The Cure

Kiss Me Kiss Me Kiss Me

18 Songs über Liebe, Sex und zerbrochene Freundschaften.

Würde er „Kiss Me Kiss Me Kiss Me“ in Gänze live aufführen, sagte Robert Smith vor ein paar Jahren, dann wäre Barcelona im Sommer der stimmigste Ort: rot, heiß, laut, feurig. Der Cure-Sänger kennt das Image der Platte, die siebte, mit der seine Bandkollegen und er fast (erst „Disintegration“ 1989 machte sie richtig groß) zu Stars wurden.
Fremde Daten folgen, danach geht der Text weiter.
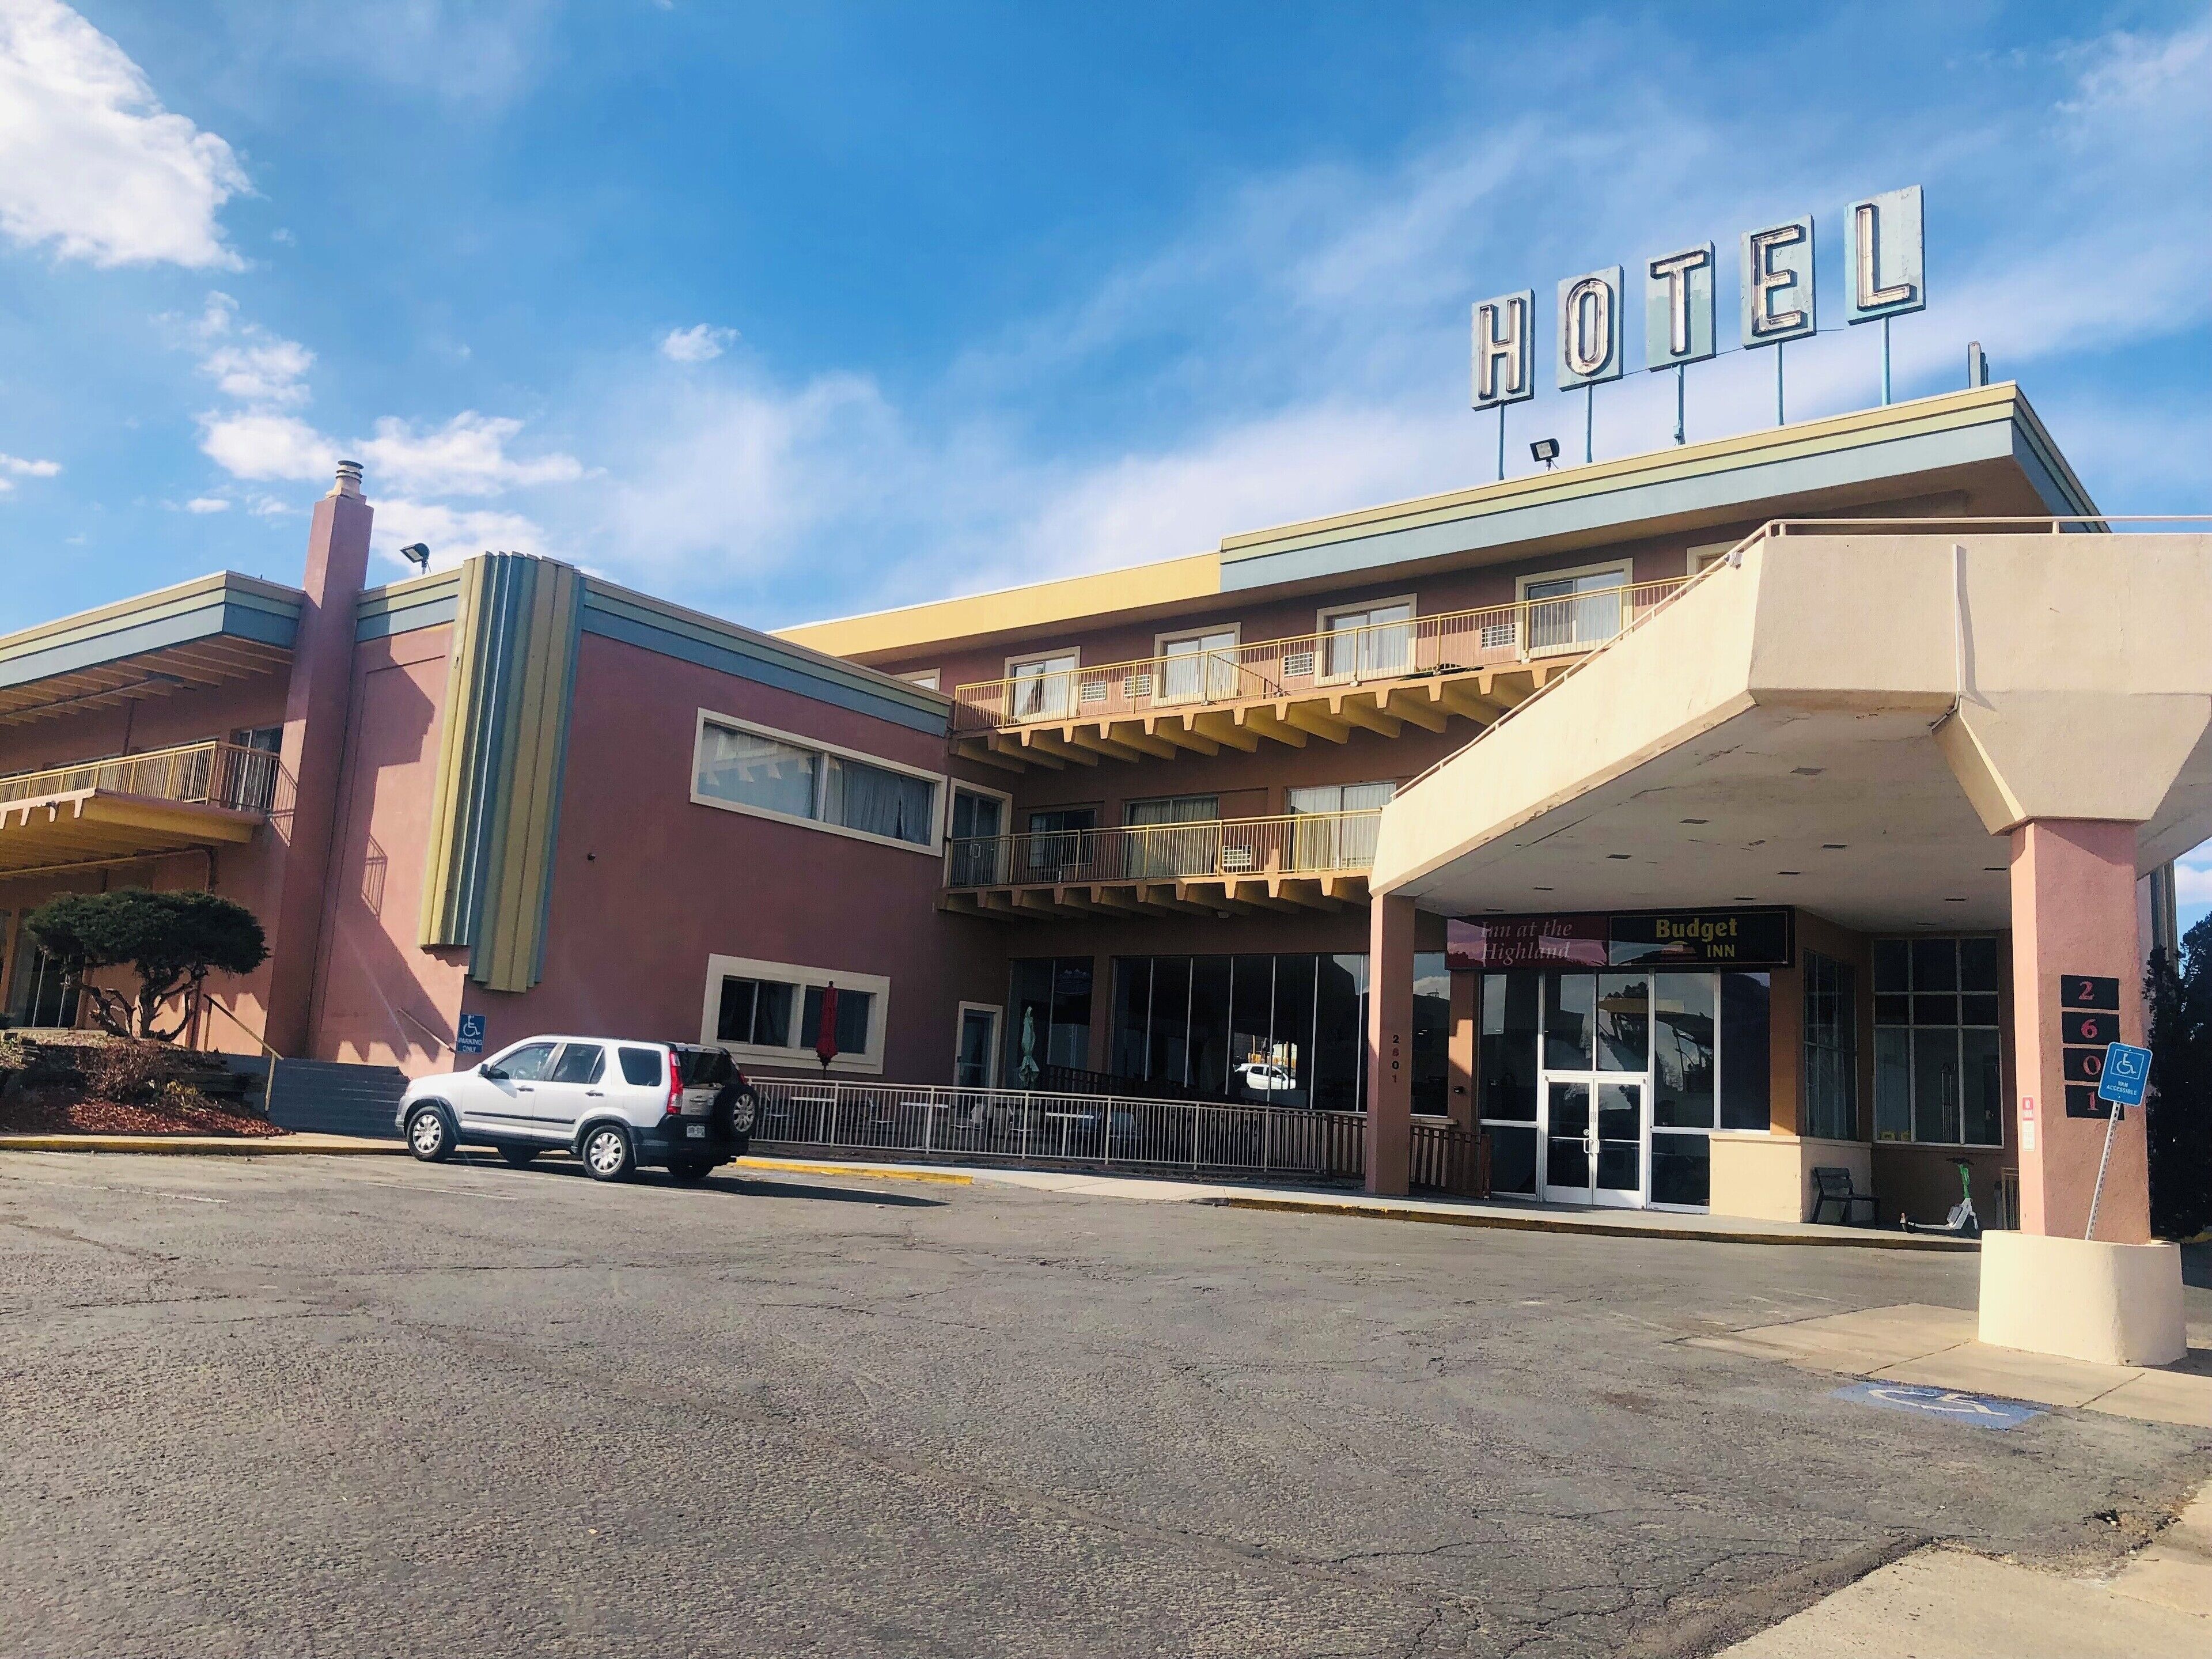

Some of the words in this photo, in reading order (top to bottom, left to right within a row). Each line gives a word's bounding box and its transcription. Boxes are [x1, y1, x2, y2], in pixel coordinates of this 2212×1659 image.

[1478, 203, 1918, 399] HOTEL
[1481, 921, 1510, 938] Inn
[1517, 922, 1537, 937] at
[1543, 919, 1573, 937] the
[1656, 918, 1737, 942] Budget
[1481, 941, 1571, 965] Highland
[1707, 944, 1735, 957] INN
[2106, 1085, 2138, 1096] ACCESSIBLE
Die Vorab-Single „Why Can’t I Be You?“, mit DEM Drum-Intro, folgendem Motown-Beat, Bläser-Fanfaren und einem völlig hingerissenen „I Kiss You From Your Feet To Where Your Head Begins“-singendem 28-Jährigem, der im Video als Teddybär auftrat, gab die neue, verspielte Richtung vor.

Ich will Dich fressen

Dabei hätte alles ganz anders kommen sollen, und die allgemeine Wahrnehmung von „Kiss Me“ wäre heute vielleicht eine andere – Smith hatte geplant „How Beautiful You Are“ als erste Auskopplung zu bringen. Das Lied beginnt mit der Zeile „You Want To Know Why I Hate You“, den letzten Absatz eröffnet er mit „This Is Why I Hate You“. Dazwischen eine sanft an- und abschwellende, eher erzählerische als auf einen Refrain-Höhepunkt zusteuernde Melodie, Schilderungen wie im Tagebuch – „You Remember That Day In Paris, When We Wandered Through The Rain“. Die Plattenfirma intervenierte damals, ein Single-Mix von „How Beautiful You Are“ blieb unveröffentlicht, und im April 1987 erschien „Why Can’t I Be You?“ als Starter.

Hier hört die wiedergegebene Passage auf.